American black newborns more likely to die when cared for by White doctors
Newborn black babies in the United States are significantly more likely to survive childbirth if Black doctors care for them instead of White doctors, a study has found.
The study published Monday in the journal Proceedings of the National Academy of Sciences of the USA (PNAS) also found that the babies are three times more likely to die when cared for by White doctors.
The mortality rate of Black newborns had a decrease of between 39% and 58% when they were looked after by Black physicians, according to the research.
The shocking results of the study are indicative of how racial disparities in human health can affect even the first hours of a person's life.
Meanwhile, the findings also showed, by comparison, the mortality rate for White babies was mostly unaffected by the doctor's race.
"Strikingly, these effects appear to manifest more strongly in more complicated cases, and when hospitals deliver more Black newborns," the authors wrote. "The findings suggest that Black physicians outperform their White colleagues when caring for Black newborns."
Also, study co-author Brad Greenwood told USA Today that there are several "disturbing" factors likely at play.
"I don't think any of us would suggest as co-authors that these results are manifesting as a result of malicious bias on the part of physicians," Greenwood said. "I also think that underscores how insidious something like this is.
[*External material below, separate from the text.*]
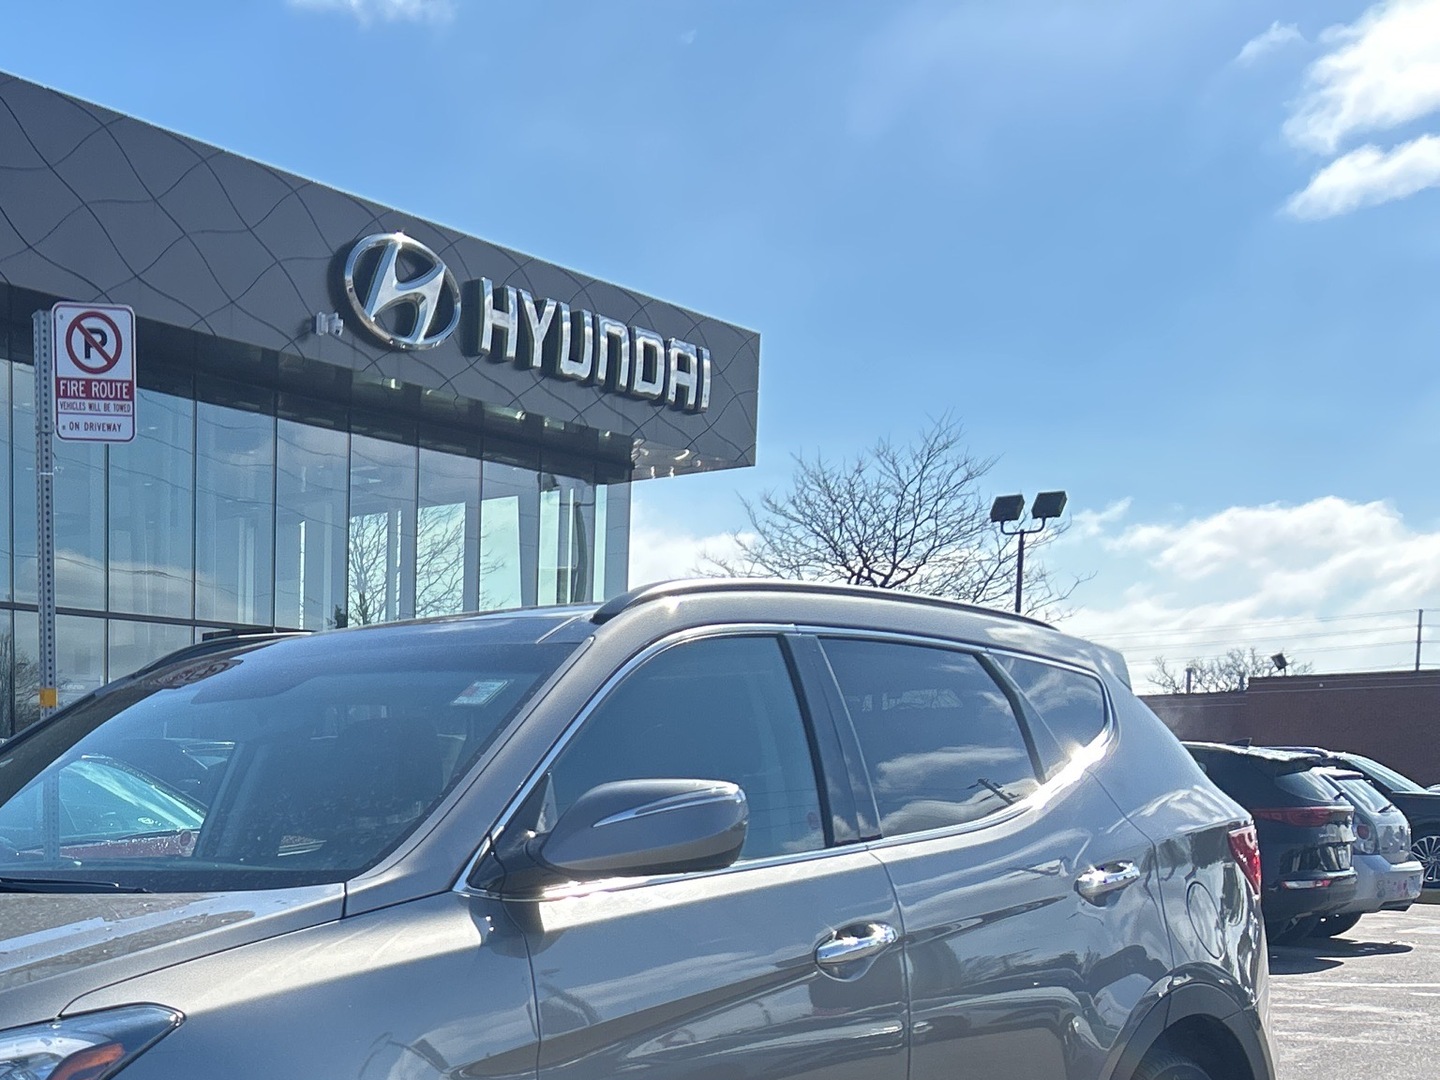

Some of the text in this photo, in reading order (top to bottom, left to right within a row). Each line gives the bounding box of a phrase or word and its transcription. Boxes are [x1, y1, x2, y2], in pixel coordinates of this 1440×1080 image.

[478, 276, 711, 413] HYUNDAI
[60, 380, 130, 399] FIRE ROUTE
[60, 401, 131, 413] VEHICLES WILL BE TOWED
[69, 421, 122, 432] ON DRIVEWAY
Children are dying as a result of just structural problems."
The findings back up previous researches, which have indicated that whereas infant mortality rates have decreased in recent decades, Black children are still a great deal more likely to die early than their White counterparts.
Rachel Hardeman, another co-author, said on Twitter, "Our study provides the first evidence that the Black-White newborn mortality gap is smaller when Black MDs provide care for Black newborns than when White MDs do."
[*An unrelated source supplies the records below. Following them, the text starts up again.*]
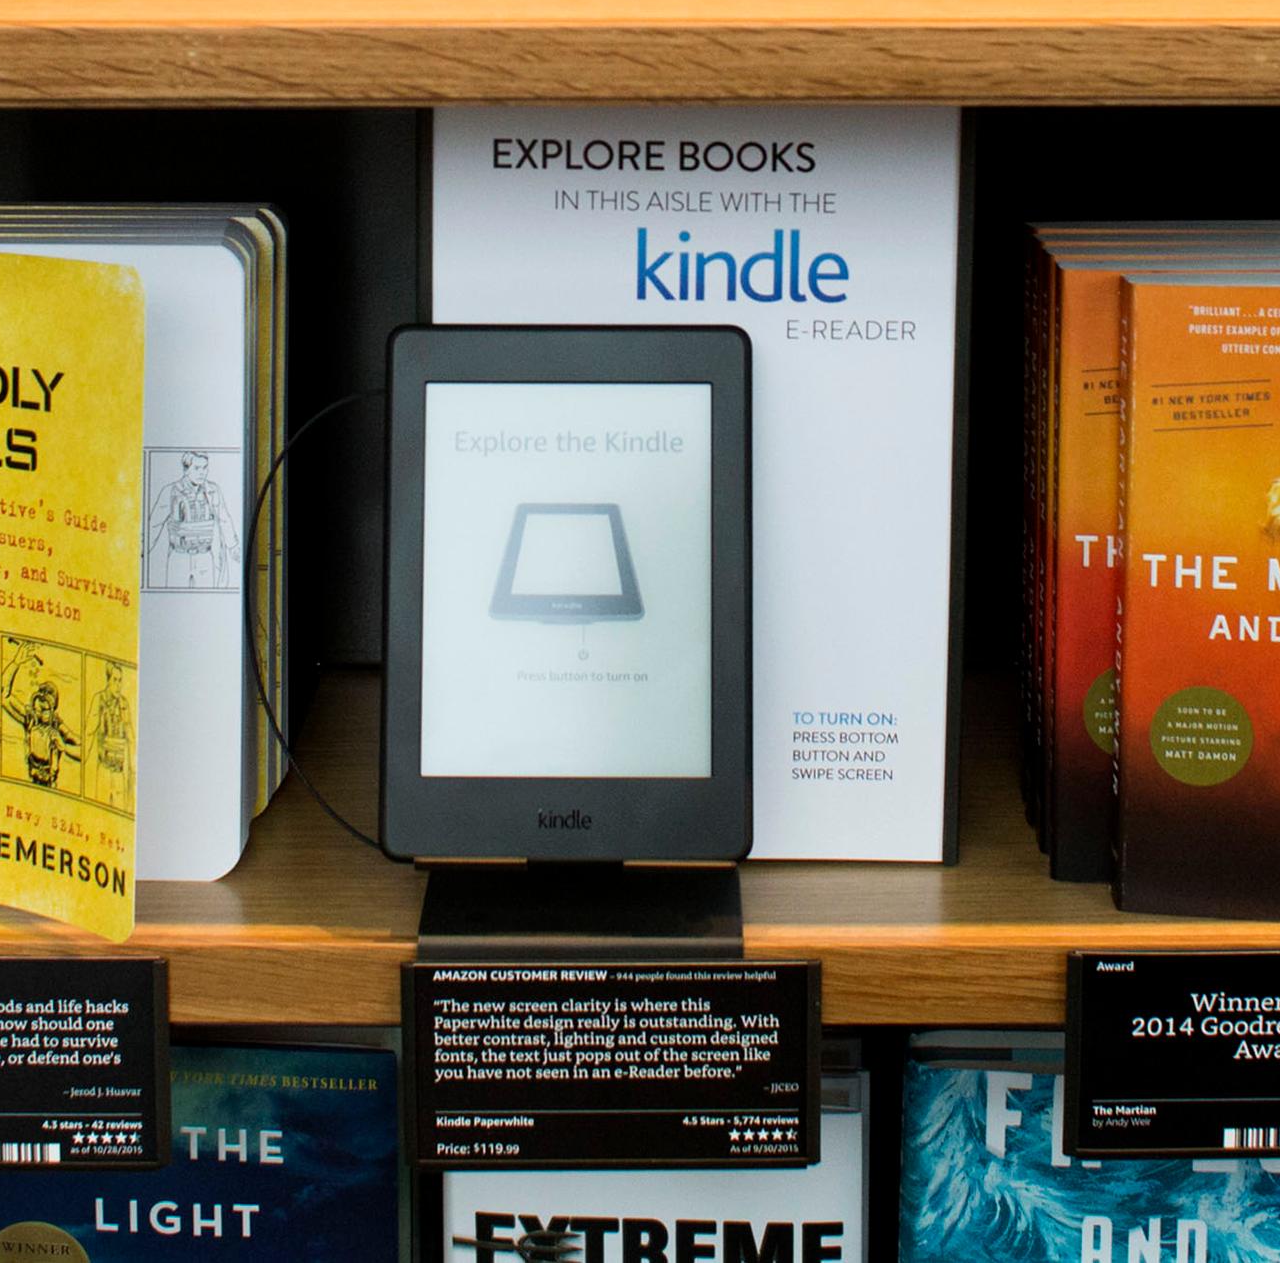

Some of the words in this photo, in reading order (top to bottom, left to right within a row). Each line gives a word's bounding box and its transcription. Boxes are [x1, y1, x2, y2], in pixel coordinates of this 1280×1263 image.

[493, 138, 665, 170] EXPLORE
[679, 140, 815, 172] BOOKS
[555, 189, 579, 210] IN
[586, 189, 639, 211] THIS
[645, 190, 712, 212] AISLE
[719, 191, 781, 212] WITH
[788, 192, 836, 213] THE
[637, 227, 849, 303] kindle
[786, 319, 916, 340] E-READER
[455, 432, 546, 456] Explore
[556, 430, 596, 452] the
[605, 430, 684, 455] Kindle
[63, 508, 106, 533] Guide
[1142, 553, 1237, 589] THE
[21, 566, 48, 583] and
[57, 570, 130, 607] Surviving
[792, 711, 814, 724] TO
[819, 712, 862, 725] TURN
[792, 731, 835, 743] PRESS
[839, 732, 898, 744] BOTTOM
[792, 749, 849, 762] BUTTON
[852, 750, 885, 762] AND
[791, 767, 833, 779] SWIPE
[837, 768, 893, 780] SCREEN
[537, 807, 592, 830] kindle
[433, 970, 487, 981] AMAZON
[491, 970, 557, 981] CUSTOMER
[561, 970, 607, 981] REVIEW
[1096, 961, 1133, 971] Award
[31, 1016, 83, 1030] should
[85, 1019, 114, 1031] one
[1132, 1017, 1194, 1036] 2014
[436, 1116, 471, 1126] Kindle
[474, 1116, 534, 1128] Paperwhite
[180, 1126, 284, 1166] THE
[436, 1143, 470, 1155] Price:
[473, 1142, 519, 1154] $119.99
[95, 1197, 259, 1237] LIGHT
Our study provides the First evidence that the Black-white newborn mortality gap is smaller when Black MDs provide care for Black newborns than when white MDs do, lending support to research examining the importance of racial concordance in addressing health care inequities.6/12
— Rachel Hardeman, PhD, MPH (@RRHDr) August 17, 2020
Also, according to the US Department of Health and Human Services' Office of Minority Health, Black infants have 2.3 times the infant mortality rate as White infants.
Furthermore, a June report from the US Centers for Disease Control and Prevention covering the period between 2000 to 2017 revealed that Black infants still are more than twice likely to die than White infants.